Product pages get a lot of love. Testing budgets go there, analysts’ reviews focus there and even AdWords campaigns deep link there (sometimes). And why not? You'd be hard-pressed to find a page that ties to return on investment as tightly as the page that directly sells the product. Tiny conversion improvements there add up.
If you compare a website to a movie, the product page is the third act. It's where the tension reaches heights and the audience gets the conclusion. Because a lot hangs on it, movie studios spend a disproportionate amount of time punching up the script for the third act.
Billy Wilder is known for tearing into this kind of mentality. "If you have a problem with the third act, the real problem is in the first act," he notes.
The same can be true of online marketing.
The Problem is in the First Act
Just because visitors leave a product page doesn't mean the problem is WITH the product page. Maybe the product page is persuasive about the sale, but the visitor wants to compare specifications. The product may have a clear call to action, but the page isn't helping return visitors find support information. The product page can be very persuasive, but if it's persuasive about the wrong things, it's not going to stop visitors from looking elsewhere.
The real problem is this: most of the time, the sale isn't your first conversion.
Conversions are tied to where the visitor is in their decision-making process. A good way to think about it is the AIDA model: Attention, Interest, Desire, Action. If visitors are looking for quality educational material about your industry, success isn't the sale … yet. Success is a low bounce rate and high return rate on early-stage pages, ones designed to cater to the "attention" phase.
Conversions aren't exclusive to the late stage of the sales process. Microconversions matter too. Think about these as the setup leading to the third act:
Getting the First Act Right
To punch up the "first act" or get the early stage conversions right, you need to think about the 98 percent or so of your audience who didn't buy something. Ask yourself the following questions:
- What are their tasks?
- Did they find what they need?
- How likely are they to come back?
- Can you continue the communication and relationship with them?

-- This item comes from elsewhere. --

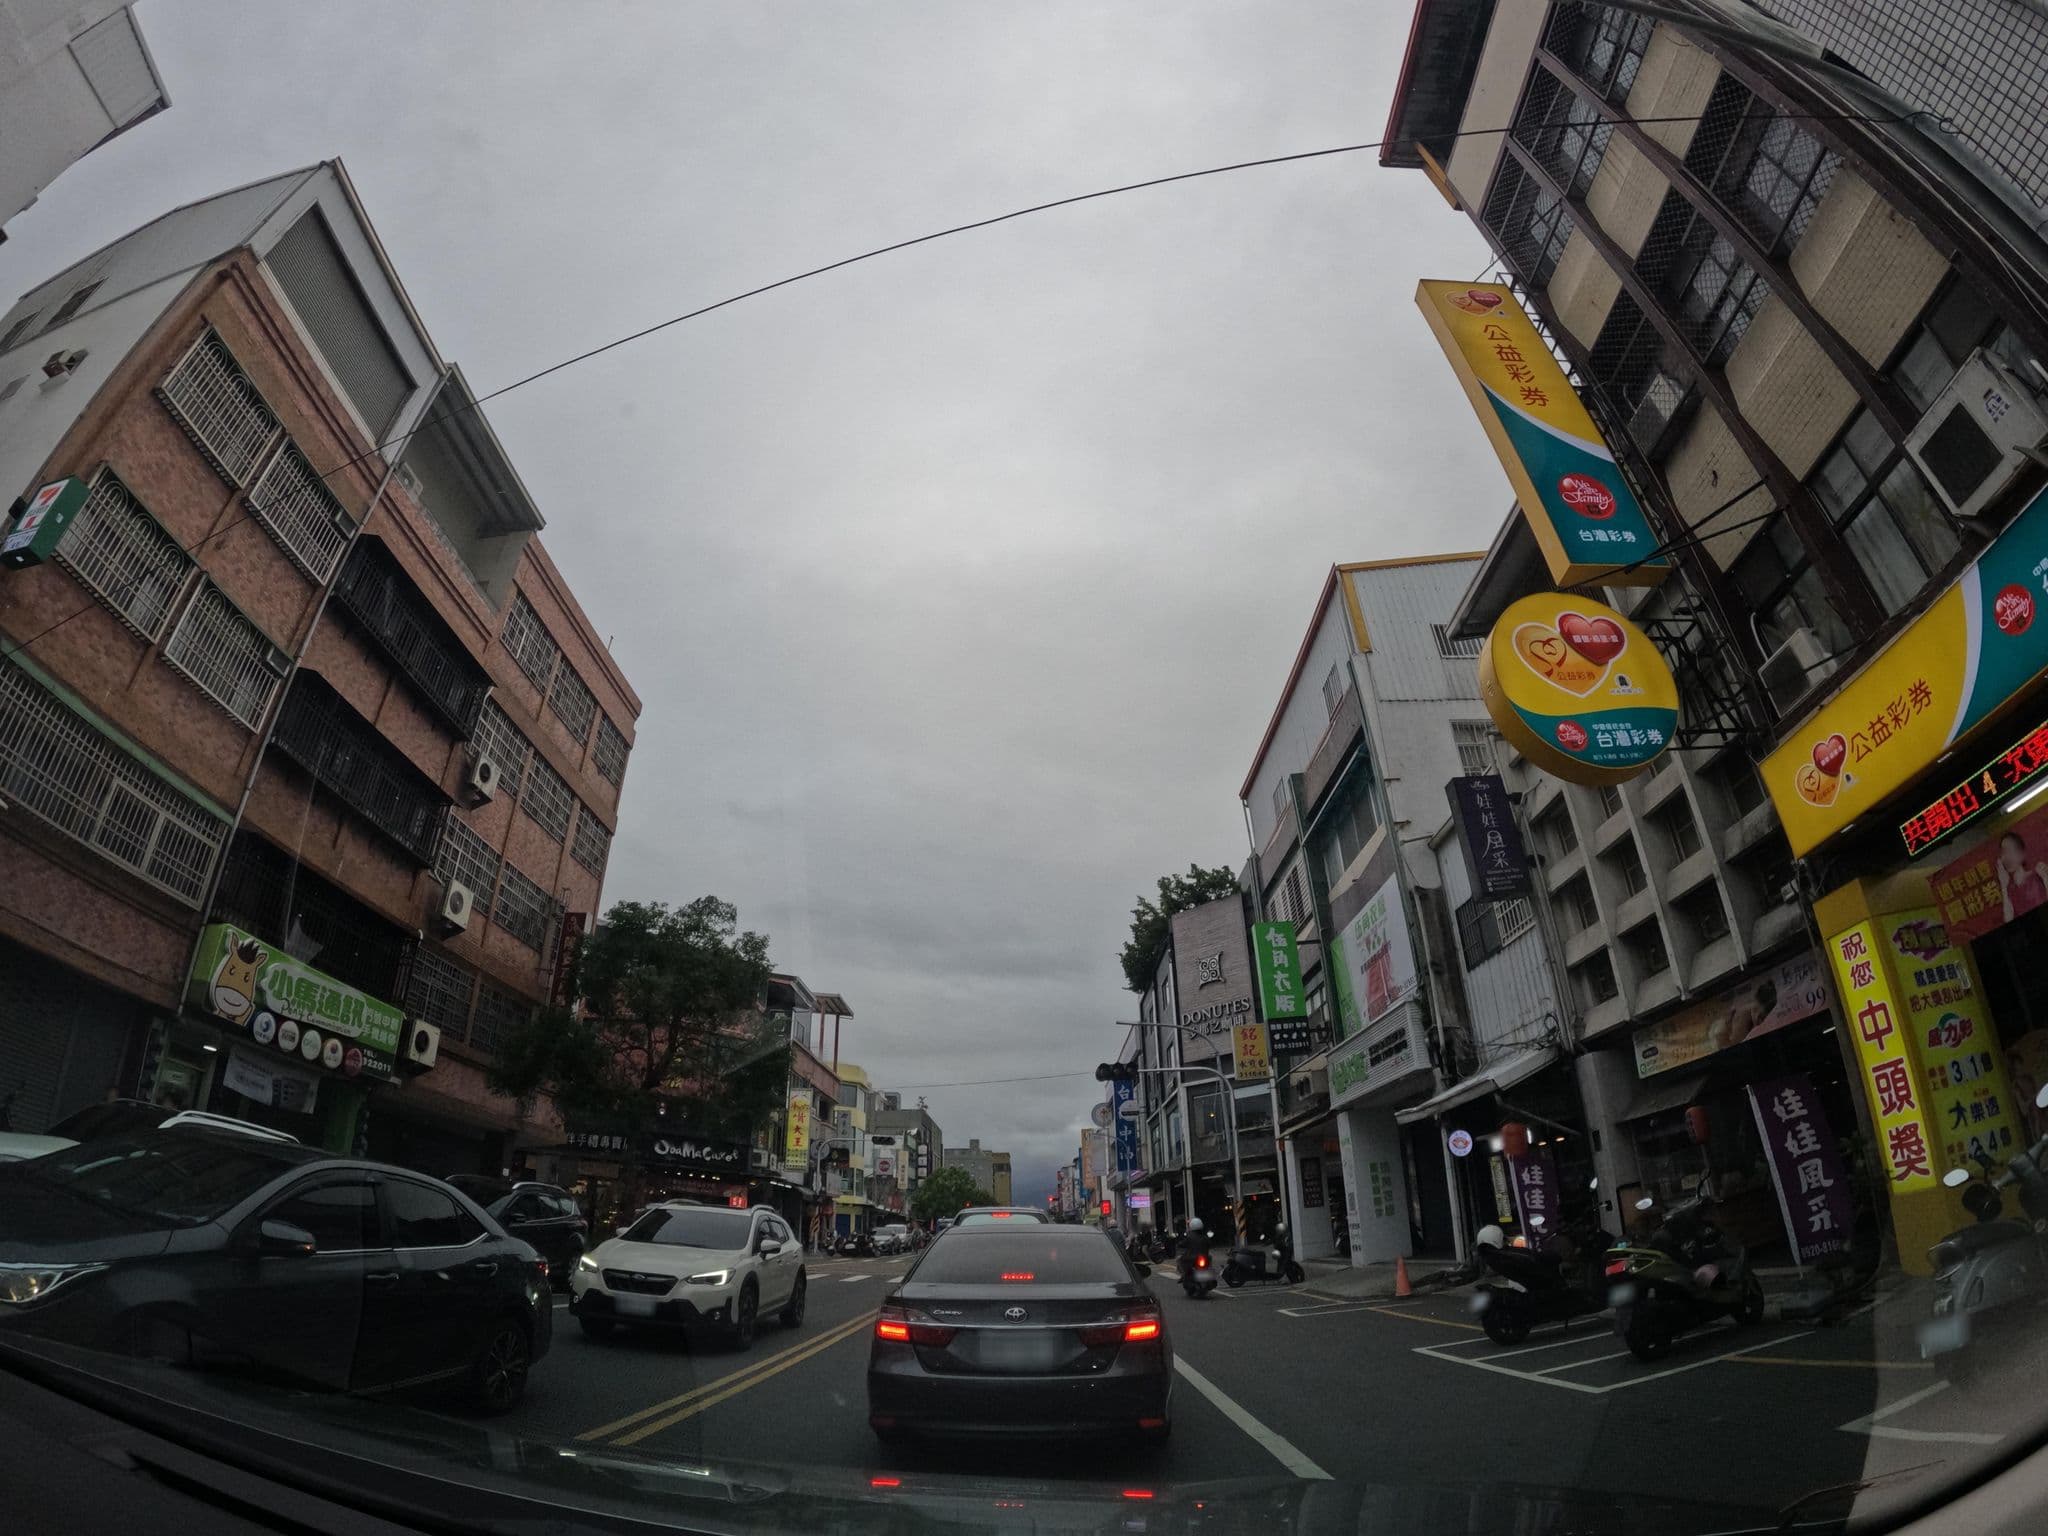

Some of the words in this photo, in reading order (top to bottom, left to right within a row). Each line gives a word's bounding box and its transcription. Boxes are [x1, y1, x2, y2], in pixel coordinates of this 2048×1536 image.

From your clickstream or traffic monitoring tool, you're not likely to be able to answer these questions. Don't try to answer these questions using traffic — you will not get far. Instead, review things like internal site search (the words used in the search box on YOUR website, not Google and Bing) and voice-of-customer tools that show surveys to visitors. These tools will give you solid data about user intent and task accomplishment rate for tasks prior to the sale.
Once you know what the main tasks are and how well your visitors can accomplish them, you can reallocate your time and resources to fixing the biggest problems on your website, not just the ones on your product page.
Making Sure They Get to the Third Act
The other thing you can do is make sure your visitors can actually FIND your product page. After all, it doesn't matter how explosive your third act is if most of the audience gets bored and leaves during the first two acts.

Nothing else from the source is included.